Он часто гадал, почему ему так боязно с ней расстаться. Эмоции, считал он, — это всего лишь косметика. Они не имеют ценности перед лицом коммерческой трансакции, которую принято называть жизнью. Впрочем, у него самого тоже не хватало сил на то, чтобы стереть косметику. Это ведь он уговорил Платона восстановить связь с матерью, когда его друг разуверился в себе. Это он провел две недели на островах в поисках Мэри.
“Не каждому в этой жизни дается шанс начать заново”, — сказал Тапа Мэри, когда она расклеилась накануне освобождения сына. Это был не совет и не мудрое изречение. Он поделился с ней мыслью о своей собственной судьбе.
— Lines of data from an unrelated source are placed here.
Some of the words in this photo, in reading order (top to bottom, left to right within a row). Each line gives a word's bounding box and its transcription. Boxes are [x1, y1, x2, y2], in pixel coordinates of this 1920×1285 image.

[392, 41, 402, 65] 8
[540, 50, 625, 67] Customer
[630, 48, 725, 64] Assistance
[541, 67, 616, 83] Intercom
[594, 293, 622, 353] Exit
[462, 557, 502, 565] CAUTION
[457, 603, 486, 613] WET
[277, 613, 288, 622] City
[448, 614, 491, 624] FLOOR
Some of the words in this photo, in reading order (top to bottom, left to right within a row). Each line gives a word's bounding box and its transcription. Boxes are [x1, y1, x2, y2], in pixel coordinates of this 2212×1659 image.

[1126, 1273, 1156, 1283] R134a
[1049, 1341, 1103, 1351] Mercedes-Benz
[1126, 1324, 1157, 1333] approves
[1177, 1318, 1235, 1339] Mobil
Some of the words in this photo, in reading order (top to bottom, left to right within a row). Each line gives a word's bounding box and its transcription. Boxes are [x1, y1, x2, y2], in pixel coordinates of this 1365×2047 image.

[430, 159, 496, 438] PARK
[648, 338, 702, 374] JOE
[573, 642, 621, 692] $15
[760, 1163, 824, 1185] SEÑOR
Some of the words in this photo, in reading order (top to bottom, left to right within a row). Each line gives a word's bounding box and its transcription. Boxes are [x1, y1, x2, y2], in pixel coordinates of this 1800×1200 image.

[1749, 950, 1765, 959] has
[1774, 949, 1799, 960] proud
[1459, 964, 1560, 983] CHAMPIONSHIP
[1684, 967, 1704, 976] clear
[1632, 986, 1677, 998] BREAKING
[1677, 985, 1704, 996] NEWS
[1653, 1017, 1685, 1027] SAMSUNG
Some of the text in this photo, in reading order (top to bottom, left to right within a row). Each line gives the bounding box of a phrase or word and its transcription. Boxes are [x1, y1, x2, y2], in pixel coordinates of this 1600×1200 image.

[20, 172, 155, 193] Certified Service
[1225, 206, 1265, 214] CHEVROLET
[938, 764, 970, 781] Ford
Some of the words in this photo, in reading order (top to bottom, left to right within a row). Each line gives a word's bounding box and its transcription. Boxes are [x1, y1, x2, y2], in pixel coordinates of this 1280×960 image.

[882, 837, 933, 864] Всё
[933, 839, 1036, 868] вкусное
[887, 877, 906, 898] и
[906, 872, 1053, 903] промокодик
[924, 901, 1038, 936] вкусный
После шести лет теневого существования — торговли опиумом за ширмой войны против хунты — Платон решил с ним покончить. Проявив редкое единодушие, мятежники из разных этнических группировок — карены, араканцы, качины и бирманцы — задумали совместную атаку с моря. Платон собирался принять участие в этой коллективной операции на острове Ландфолл, самом северном в Андаманском море перед бирманской территорией.
В качестве прощального жеста Тапа захотел подарить своему другу ту фотографию. Она проделала с ним весь путь из Рангуна до деревенской хижины на высокой окраине долины Намдапха. В этой продолговатой постройке обитал вождь мишми, владелец самых обширных посадок опиумного мака, она была единственной на все селение, состоящее из четырех апельсиновых садов, двенадцати маковых полей и обгорелой рощи.